How I longed to be able to do so! But I would not deceive the child. Besides, it would have been useless.

"No, dear. As yet I cannot. But I will try to understand it. There are several ways it may be explained. Have you ever heard of optical delusions, Nora?"

"I am not sure. You must tell me;" and she looked at me so appealingly, and with such readiness to believe whatever I told her, that I felt I would give anything to restore her to her former happy fearlessness.

But just then Reggie came in from the stable.

"We must go upstairs," I said; "and Lieschen," turning to her, "bring up our supper at once. We are leaving very early to-morrow morning, and we will go early to bed."

"Oh, mamma," whispered Nora, "if only we had not to stay all night in that room!"

But there was no help for it, and she was thankful to hear of the success of our expedition to the post-office. During supper we, of course, on Reggie's account, said nothing of Nora's fright, but as soon as it was over, Reggie declaring himself very sleepy, we got him undressed and put to bed on the settee originally intended for Nora. He was asleep in five minutes, and then Nora and I did our utmost to arrive at the explanation we so longed for. We thoroughly examined the room; there was no other entrance, no cupboard of any kind even. I tried to imagine that some of our travelling cloaks or shawls hanging on the back of a chair might, in the uncertain light, have taken imaginary proportions; that the stove itself might have cast a shadow we had not before observed; I suggested everything, but in vain. Nothing shook Nora's conviction that she had seen something not to be explained.

"For the light was not uncertain just then," she maintained; "the mist had gone and it had not begun to get dark. And then I saw him so plainly! If it had been a fancy ghost it wouldn't have looked like that—it would have had a long white thing floating over it, and a face like a skeleton perhaps. But to see somebody just like a regular gentleman—I could never have fancied that!"

There was a good deal in what she said. I had to give up my suggestions, and I tried to give Nora some idea of what are called "optical delusions," though my own comprehension of the theory was of the vaguest. She listened, but I don't think my words had much weight. And at last I told her I thought she had better go to bed and try to sleep. I saw she shrank from the idea, but it had to be.

"We can't sit up all night, I suppose," she said, "but I wish we could.
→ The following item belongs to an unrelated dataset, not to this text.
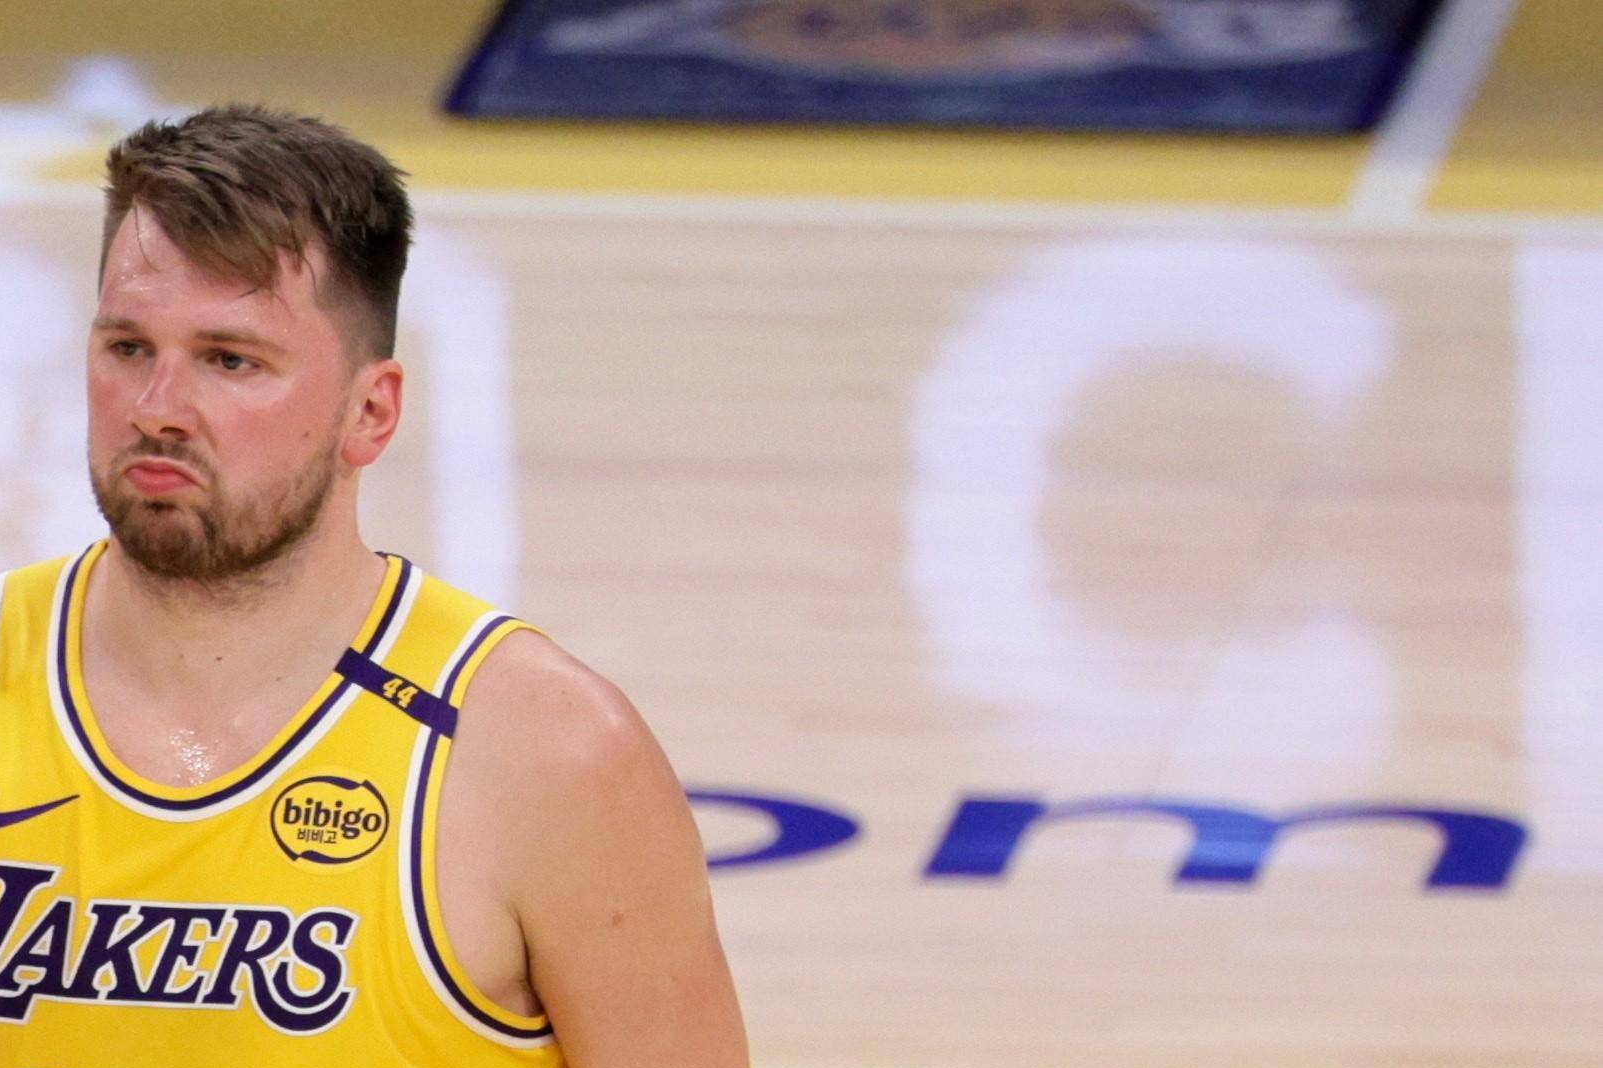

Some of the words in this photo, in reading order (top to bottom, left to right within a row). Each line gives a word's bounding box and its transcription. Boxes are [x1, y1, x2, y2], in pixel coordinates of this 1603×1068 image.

[383, 679, 417, 708] 44
[283, 798, 382, 839] bibigo
[297, 828, 337, 844] 비비고
I am so dreadfully afraid of waking in the night, and—and—seeing him there again."

"Would you like to sleep in my bed? though it is so tiny, I could make room and put you inside," I said.

Nora looked wistfully at the haven of refuge, but her good sense and considerateness for me came to the front.

"No," she said, "neither of us would sleep, and you would be so tired to-morrow. I will get into my own bed, and I will try to sleep, mamma."

"And listen, Nora; if you are the least frightened in the night, or if you can't sleep, call out to me without hesitation. I am sure to wake often, and I will speak to you from time to time."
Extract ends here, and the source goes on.